About this task> Without the pictures, print each of the records below exactly as it appears.

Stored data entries
"""

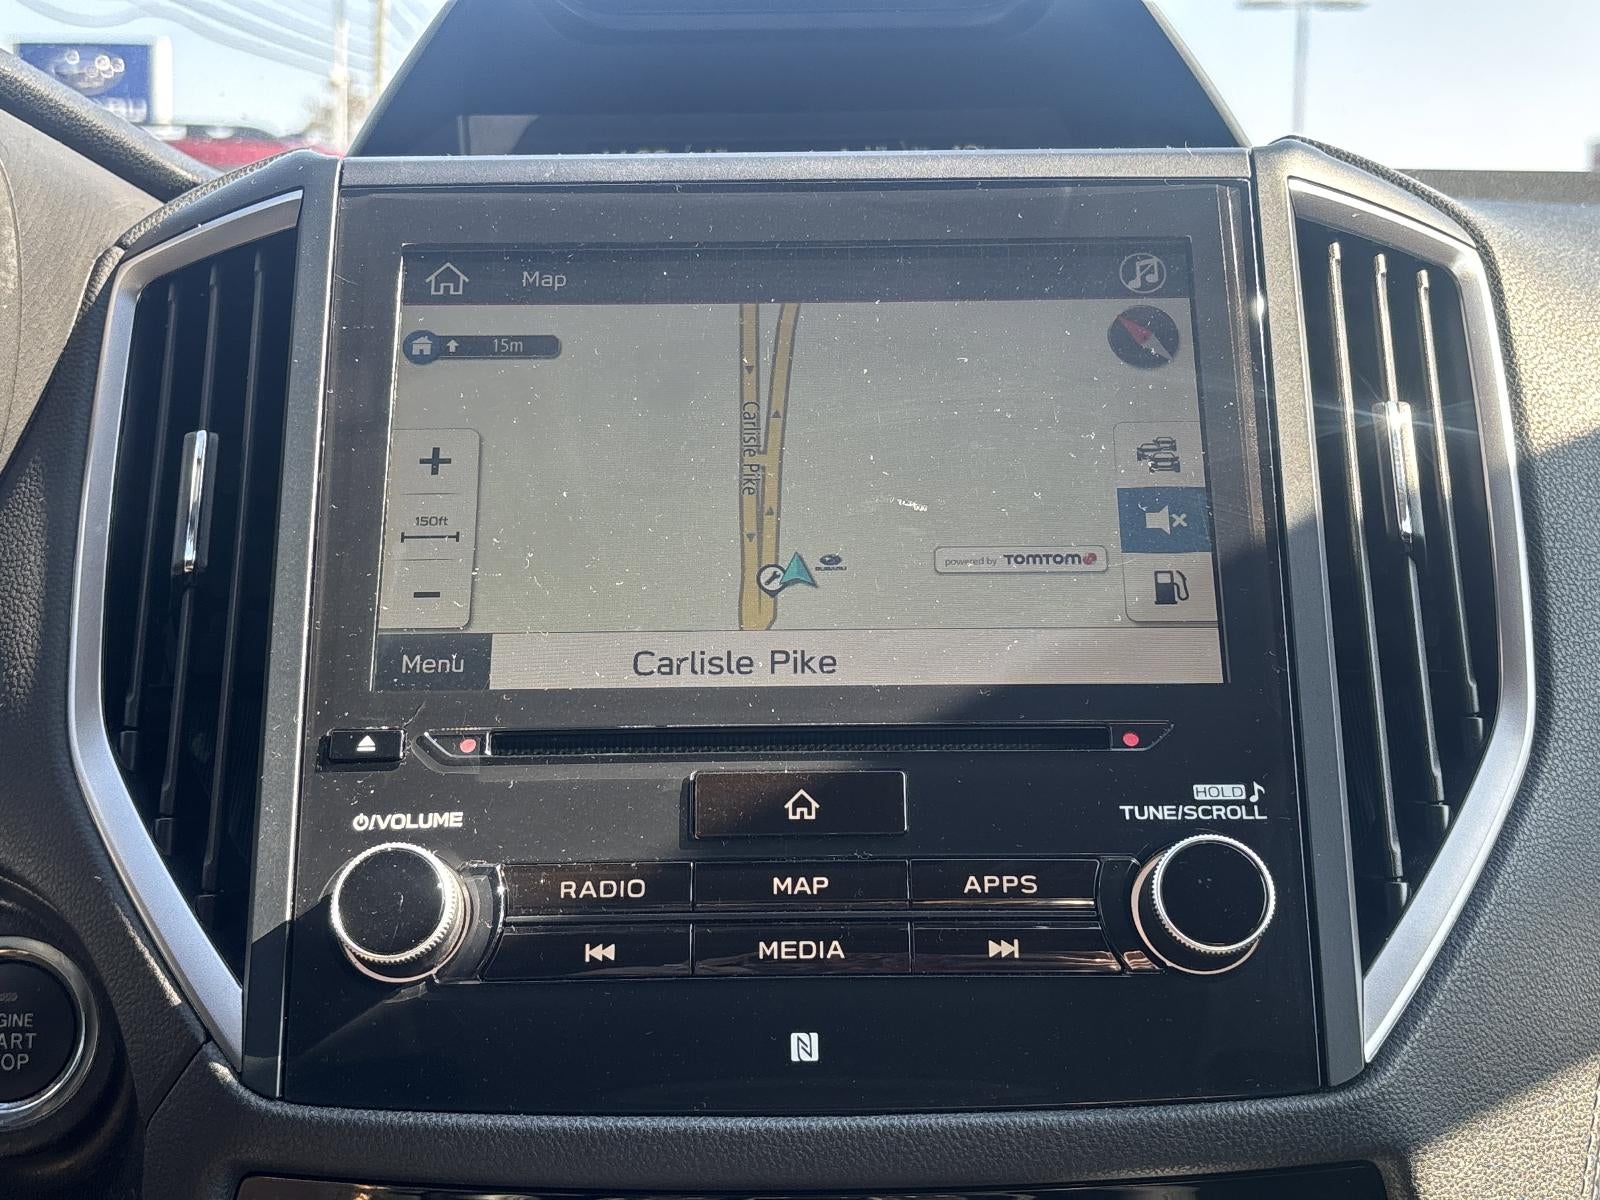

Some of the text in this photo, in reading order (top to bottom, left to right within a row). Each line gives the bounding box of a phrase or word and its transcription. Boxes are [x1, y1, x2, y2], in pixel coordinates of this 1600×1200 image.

[522, 271, 567, 291] Map
[493, 338, 523, 353] 15m
[742, 401, 762, 496] Carlisle Pike
[414, 515, 449, 528] 150ft
[944, 557, 985, 566] powered
[986, 557, 997, 567] by
[401, 654, 465, 674] Menu
[632, 650, 837, 676] Carlisle Pike
[1195, 784, 1245, 799] HOLD
[1119, 805, 1268, 821] TUNE/SCROLL
[559, 879, 647, 899] RADIO
[772, 876, 830, 895] MAP
[963, 875, 1038, 894] APPS
[758, 941, 846, 959] MEDIA
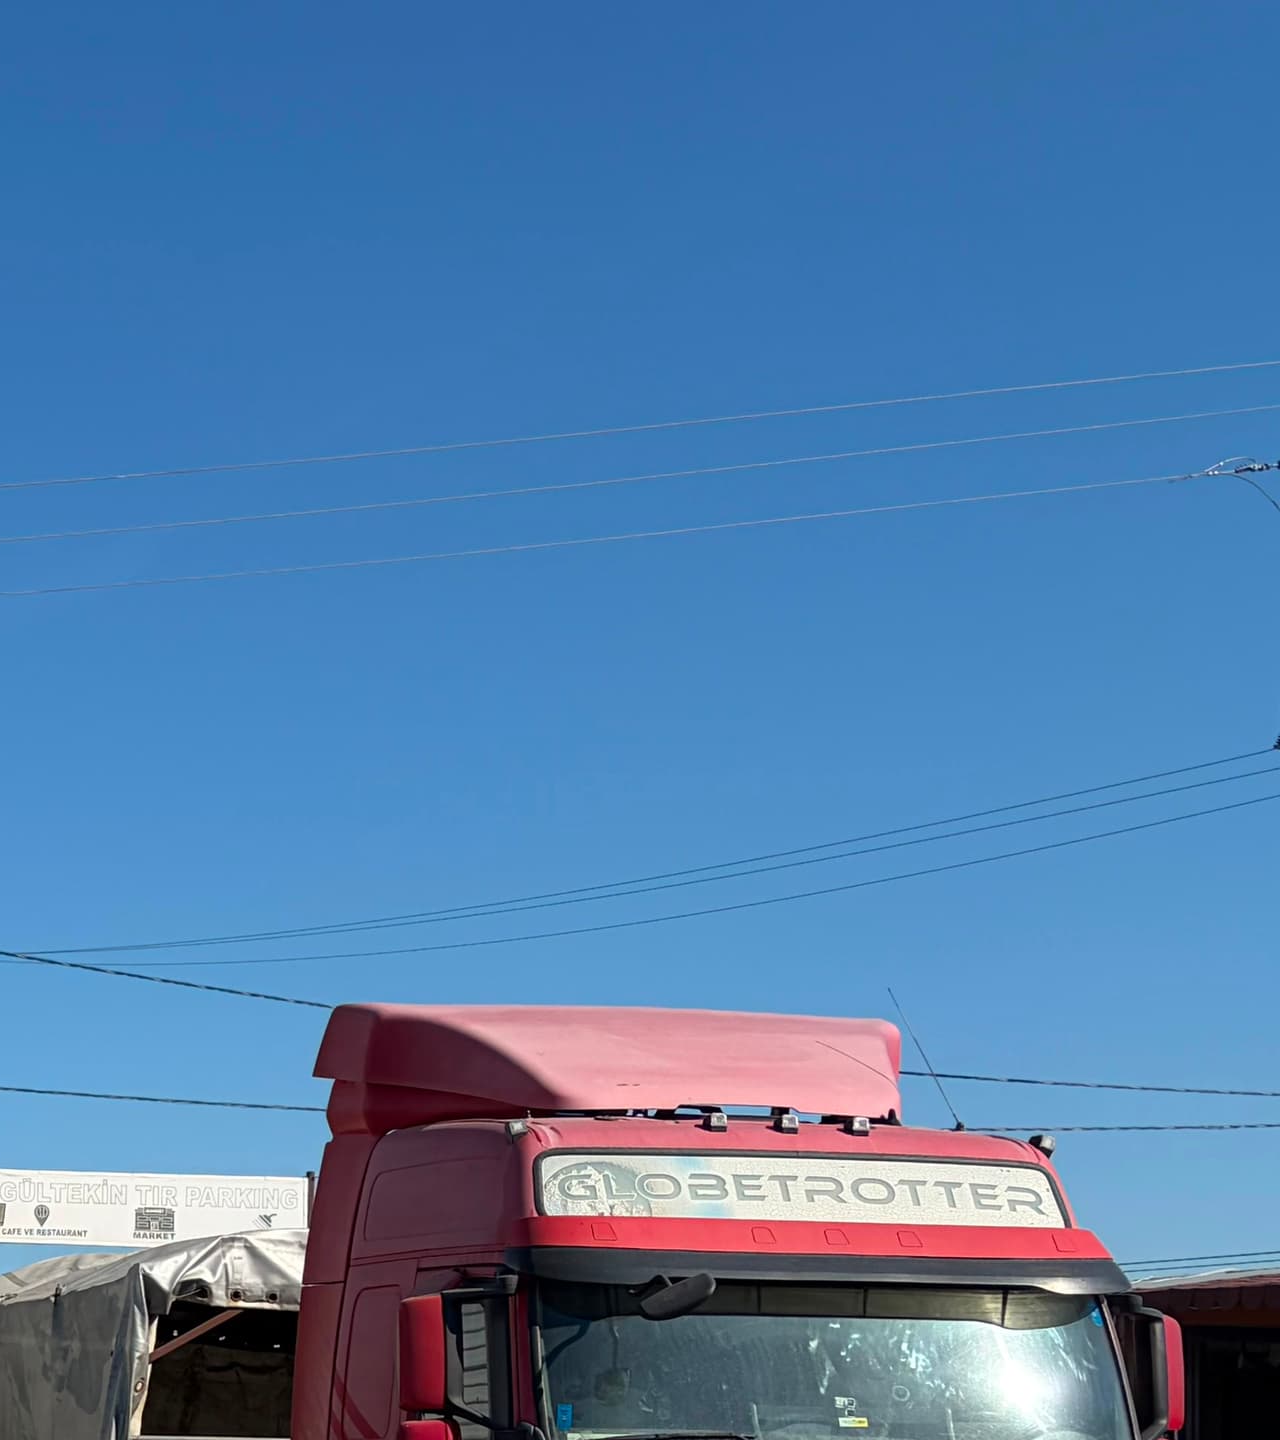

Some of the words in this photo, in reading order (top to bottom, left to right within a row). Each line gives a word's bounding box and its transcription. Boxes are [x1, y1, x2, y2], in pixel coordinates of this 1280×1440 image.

[0, 1178, 128, 1205] GÜLTEKİN
[135, 1185, 178, 1207] TIR
[185, 1186, 298, 1209] PARKING
[558, 1173, 1048, 1216] GLOBETROTTER
[2, 1228, 21, 1236] CAFE
[37, 1229, 88, 1238] RESTAURANT
[133, 1232, 176, 1240] MARKET

"""

Solution>
Some of the text in this photo, in reading order (top to bottom, left to right within a row). Each line gives the bounding box of a phrase or word and its transcription. Boxes are [x1, y1, x2, y2], in pixel coordinates of this 1600×1200 image.

[522, 271, 567, 291] Map
[493, 338, 523, 353] 15m
[742, 401, 762, 496] Carlisle Pike
[414, 515, 449, 528] 150ft
[944, 557, 985, 566] powered
[986, 557, 997, 567] by
[401, 654, 465, 674] Menu
[632, 650, 837, 676] Carlisle Pike
[1195, 784, 1245, 799] HOLD
[1119, 805, 1268, 821] TUNE/SCROLL
[559, 879, 647, 899] RADIO
[772, 876, 830, 895] MAP
[963, 875, 1038, 894] APPS
[758, 941, 846, 959] MEDIA

Some of the words in this photo, in reading order (top to bottom, left to right within a row). Each line gives a word's bounding box and its transcription. Boxes are [x1, y1, x2, y2], in pixel coordinates of this 1280×1440 image.

[0, 1178, 128, 1205] GÜLTEKİN
[135, 1185, 178, 1207] TIR
[185, 1186, 298, 1209] PARKING
[558, 1173, 1048, 1216] GLOBETROTTER
[2, 1228, 21, 1236] CAFE
[37, 1229, 88, 1238] RESTAURANT
[133, 1232, 176, 1240] MARKET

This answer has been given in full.